• DIRECTIONS
With the pictures left aside, write out the entries that follow exactly.

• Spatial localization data
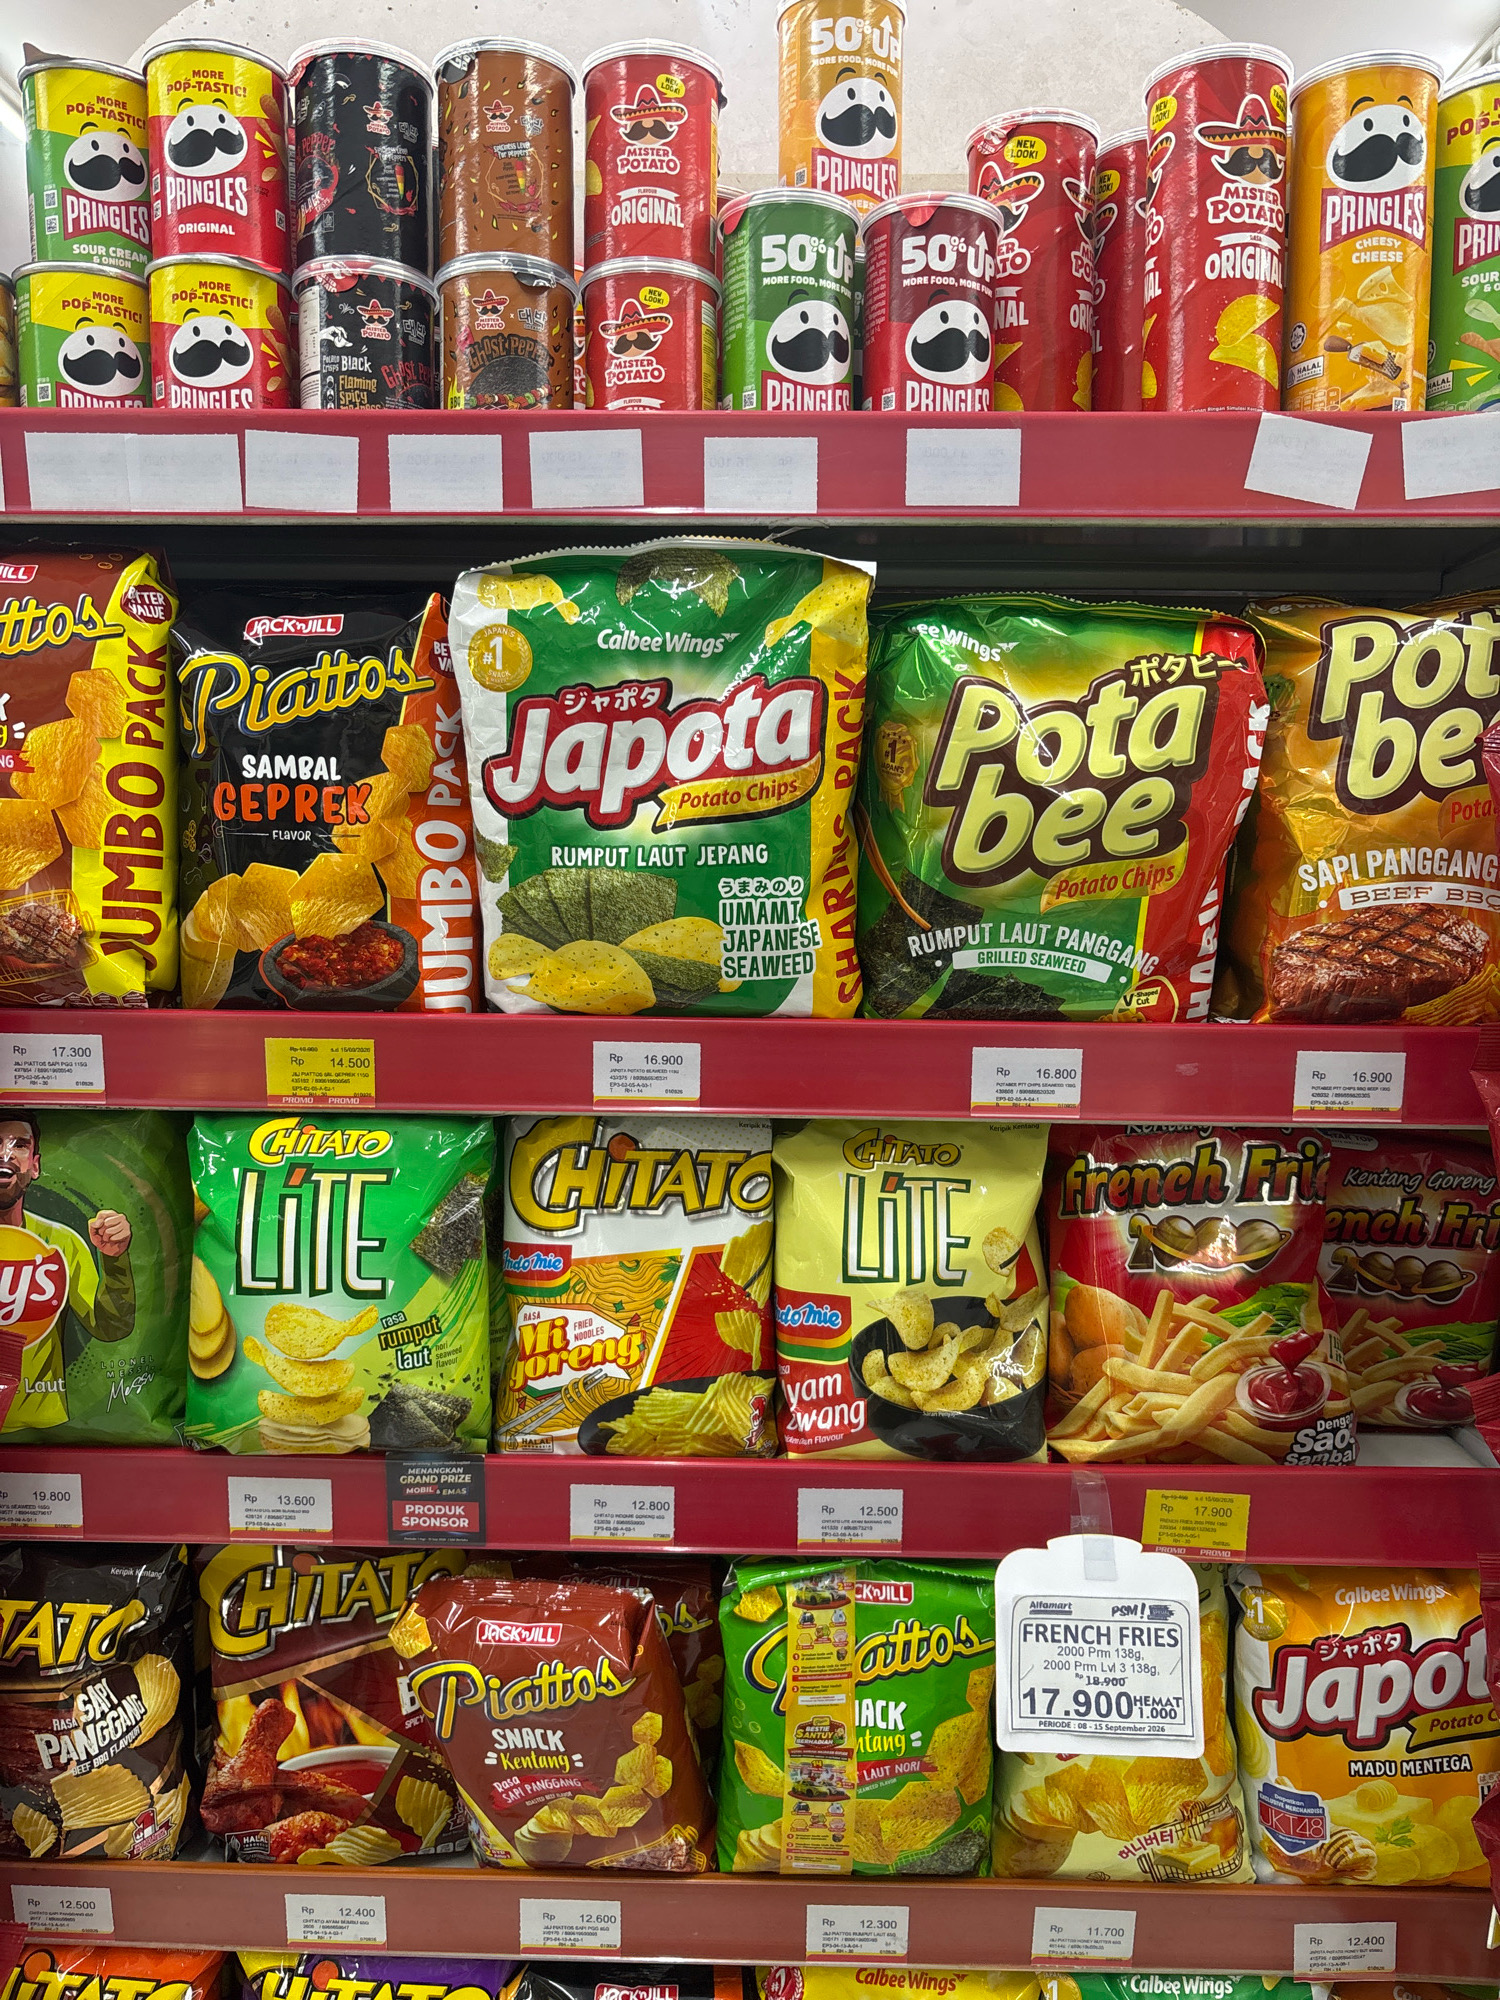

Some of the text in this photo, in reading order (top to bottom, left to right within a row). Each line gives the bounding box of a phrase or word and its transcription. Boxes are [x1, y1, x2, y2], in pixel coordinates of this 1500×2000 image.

[192, 69, 224, 80] MORE
[96, 95, 128, 111] MORE
[627, 148, 670, 157] MISTER
[618, 158, 679, 172] POTATO
[816, 155, 897, 202] PRINGLES
[166, 176, 248, 217] PRINGLES
[1224, 187, 1280, 205] MISTER
[66, 195, 150, 245] PRINGLES
[611, 198, 685, 228] ORIGINAL
[1210, 200, 1285, 228] POTATO
[1325, 193, 1425, 244] PRINGLES
[178, 222, 236, 236] ORIGINAL
[72, 244, 148, 264] SOUR CREAM
[1355, 237, 1402, 250] CHEESY
[93, 255, 132, 269] & ONION
[1204, 247, 1283, 287] ORIGINAL
[1352, 251, 1403, 264] CHEESE
[903, 276, 980, 291] MORE FOOD, MORE
[614, 359, 654, 369] MISTER
[1297, 360, 1322, 374] HALAL
[606, 369, 664, 384] POTATO
[597, 628, 725, 659] Calbee Wings
[1130, 654, 1247, 689] ポタビー
[126, 639, 166, 749] PACK
[178, 647, 437, 759] Piattos
[563, 686, 661, 715] ジャポタ
[834, 670, 866, 790] PACK
[935, 679, 1207, 791] Pota
[427, 703, 463, 807] PACK
[493, 685, 815, 814] Japota
[242, 754, 342, 781] SAMBAL
[213, 783, 372, 825] GEPREK
[678, 779, 797, 810] Potato Chips
[952, 764, 1176, 873] bee
[100, 761, 165, 971] JUMBO
[551, 844, 769, 867] RUMPUT LAUT JEPANG
[1055, 864, 1176, 900] Potato Chips
[1297, 853, 1360, 891] SAPI
[720, 877, 802, 895] うまみのり
[1351, 886, 1433, 904] BEEF
[415, 820, 473, 1014] JUMBO
[722, 899, 801, 926] UMAMI
[724, 921, 820, 953] JAPANESE
[907, 923, 1160, 977] RUMPUT LAUT PANGGANG
[724, 952, 815, 979] SEAWEED
[977, 949, 1087, 974] GRILLED SEAWEED
[13, 1046, 91, 1057] Rp 17.300
[290, 1056, 370, 1068] Rp 14.500
[610, 1053, 684, 1065] Rp 16.900
[997, 1067, 1077, 1079] Rp 16.800
[1312, 1071, 1393, 1083] Rp 16.900
[1063, 1139, 1231, 1216] French
[1344, 1168, 1496, 1196] Kentang Goreng
[381, 1311, 406, 1330] rasa
[524, 1311, 541, 1321] RASA
[574, 1318, 593, 1331] FRIED
[379, 1315, 440, 1350] rumput
[519, 1317, 567, 1356] Mi
[574, 1326, 605, 1342] NOODLES
[396, 1348, 431, 1370] laut
[510, 1331, 645, 1391] goreng
[24, 1378, 66, 1393] Laut
[400, 1474, 472, 1484] GRAND PRIZE
[408, 1467, 464, 1475] MENANGKAN
[32, 1491, 71, 1501] 19.800
[244, 1493, 316, 1506] Rp 13.600
[593, 1499, 670, 1511] Rp 12.800
[405, 1504, 465, 1515] PRODUK
[821, 1505, 899, 1517] Rp 12.500
[1160, 1503, 1233, 1518] Rp 17.900
[401, 1516, 469, 1527] SPONSOR
[1335, 1583, 1445, 1606] Calbee Wings
[1029, 1601, 1073, 1611] Alfamart
[1023, 1624, 1179, 1648] FRENCH FRIES
[1320, 1632, 1401, 1661] ジャポタ
[1057, 1646, 1145, 1661] 2000 Prm 138g,
[1043, 1660, 1071, 1671] 2000
[1074, 1661, 1097, 1673] Prm
[1119, 1662, 1126, 1673] 3
[1131, 1663, 1160, 1676] 138g,
[1086, 1675, 1126, 1687] 18.900
[77, 1678, 119, 1722] SAPI
[409, 1657, 635, 1742] Piattos
[1022, 1687, 1133, 1719] 17.900
[1133, 1696, 1183, 1708] HEMAT
[53, 1717, 78, 1731] RASA
[1138, 1708, 1177, 1720] 1.000
[1429, 1716, 1484, 1733] Potato
[35, 1693, 147, 1769] PANGGANG
[1039, 1720, 1071, 1729] PERIODE
[1078, 1722, 1087, 1730] 08
[1105, 1724, 1145, 1733] September
[1147, 1725, 1166, 1733] 2026
[492, 1728, 565, 1752] SNACK
[500, 1751, 570, 1773] Kentang
[864, 1761, 921, 1782] LAUT NORI
[1350, 1755, 1471, 1777] MADU MENTEGA
[502, 1778, 581, 1803] SAPI PANGGANG
[1260, 1810, 1325, 1838] JKT48
[28, 1899, 96, 1910] Rp 12.500
[302, 1906, 376, 1917] Rp 12.400
[543, 1912, 617, 1924] Rp 12.600
[822, 1918, 898, 1929] Rp 12.300
[1050, 1924, 1125, 1937] Rp 11.700
[1309, 1936, 1385, 1947] Rp 12.400
[855, 1968, 957, 1995] Calbee Wings
[1130, 1975, 1233, 1998] Calbee Wings

• EXPECTED OUTPUT
Some of the text in this photo, in reading order (top to bottom, left to right within a row). Each line gives the bounding box of a phrase or word and its transcription. Boxes are [x1, y1, x2, y2], in pixel coordinates of this 1500×2000 image.

[192, 69, 224, 80] MORE
[96, 95, 128, 111] MORE
[627, 148, 670, 157] MISTER
[618, 158, 679, 172] POTATO
[816, 155, 897, 202] PRINGLES
[166, 176, 248, 217] PRINGLES
[1224, 187, 1280, 205] MISTER
[66, 195, 150, 245] PRINGLES
[611, 198, 685, 228] ORIGINAL
[1210, 200, 1285, 228] POTATO
[1325, 193, 1425, 244] PRINGLES
[178, 222, 236, 236] ORIGINAL
[72, 244, 148, 264] SOUR CREAM
[1355, 237, 1402, 250] CHEESY
[93, 255, 132, 269] & ONION
[1204, 247, 1283, 287] ORIGINAL
[1352, 251, 1403, 264] CHEESE
[903, 276, 980, 291] MORE FOOD, MORE
[614, 359, 654, 369] MISTER
[1297, 360, 1322, 374] HALAL
[606, 369, 664, 384] POTATO
[597, 628, 725, 659] Calbee Wings
[1130, 654, 1247, 689] ポタビー
[126, 639, 166, 749] PACK
[178, 647, 437, 759] Piattos
[563, 686, 661, 715] ジャポタ
[834, 670, 866, 790] PACK
[935, 679, 1207, 791] Pota
[427, 703, 463, 807] PACK
[493, 685, 815, 814] Japota
[242, 754, 342, 781] SAMBAL
[213, 783, 372, 825] GEPREK
[678, 779, 797, 810] Potato Chips
[952, 764, 1176, 873] bee
[100, 761, 165, 971] JUMBO
[551, 844, 769, 867] RUMPUT LAUT JEPANG
[1055, 864, 1176, 900] Potato Chips
[1297, 853, 1360, 891] SAPI
[720, 877, 802, 895] うまみのり
[1351, 886, 1433, 904] BEEF
[415, 820, 473, 1014] JUMBO
[722, 899, 801, 926] UMAMI
[724, 921, 820, 953] JAPANESE
[907, 923, 1160, 977] RUMPUT LAUT PANGGANG
[724, 952, 815, 979] SEAWEED
[977, 949, 1087, 974] GRILLED SEAWEED
[13, 1046, 91, 1057] Rp 17.300
[290, 1056, 370, 1068] Rp 14.500
[610, 1053, 684, 1065] Rp 16.900
[997, 1067, 1077, 1079] Rp 16.800
[1312, 1071, 1393, 1083] Rp 16.900
[1063, 1139, 1231, 1216] French
[1344, 1168, 1496, 1196] Kentang Goreng
[381, 1311, 406, 1330] rasa
[524, 1311, 541, 1321] RASA
[574, 1318, 593, 1331] FRIED
[379, 1315, 440, 1350] rumput
[519, 1317, 567, 1356] Mi
[574, 1326, 605, 1342] NOODLES
[396, 1348, 431, 1370] laut
[510, 1331, 645, 1391] goreng
[24, 1378, 66, 1393] Laut
[400, 1474, 472, 1484] GRAND PRIZE
[408, 1467, 464, 1475] MENANGKAN
[32, 1491, 71, 1501] 19.800
[244, 1493, 316, 1506] Rp 13.600
[593, 1499, 670, 1511] Rp 12.800
[405, 1504, 465, 1515] PRODUK
[821, 1505, 899, 1517] Rp 12.500
[1160, 1503, 1233, 1518] Rp 17.900
[401, 1516, 469, 1527] SPONSOR
[1335, 1583, 1445, 1606] Calbee Wings
[1029, 1601, 1073, 1611] Alfamart
[1023, 1624, 1179, 1648] FRENCH FRIES
[1320, 1632, 1401, 1661] ジャポタ
[1057, 1646, 1145, 1661] 2000 Prm 138g,
[1043, 1660, 1071, 1671] 2000
[1074, 1661, 1097, 1673] Prm
[1119, 1662, 1126, 1673] 3
[1131, 1663, 1160, 1676] 138g,
[1086, 1675, 1126, 1687] 18.900
[77, 1678, 119, 1722] SAPI
[409, 1657, 635, 1742] Piattos
[1022, 1687, 1133, 1719] 17.900
[1133, 1696, 1183, 1708] HEMAT
[53, 1717, 78, 1731] RASA
[1138, 1708, 1177, 1720] 1.000
[1429, 1716, 1484, 1733] Potato
[35, 1693, 147, 1769] PANGGANG
[1039, 1720, 1071, 1729] PERIODE
[1078, 1722, 1087, 1730] 08
[1105, 1724, 1145, 1733] September
[1147, 1725, 1166, 1733] 2026
[492, 1728, 565, 1752] SNACK
[500, 1751, 570, 1773] Kentang
[864, 1761, 921, 1782] LAUT NORI
[1350, 1755, 1471, 1777] MADU MENTEGA
[502, 1778, 581, 1803] SAPI PANGGANG
[1260, 1810, 1325, 1838] JKT48
[28, 1899, 96, 1910] Rp 12.500
[302, 1906, 376, 1917] Rp 12.400
[543, 1912, 617, 1924] Rp 12.600
[822, 1918, 898, 1929] Rp 12.300
[1050, 1924, 1125, 1937] Rp 11.700
[1309, 1936, 1385, 1947] Rp 12.400
[855, 1968, 957, 1995] Calbee Wings
[1130, 1975, 1233, 1998] Calbee Wings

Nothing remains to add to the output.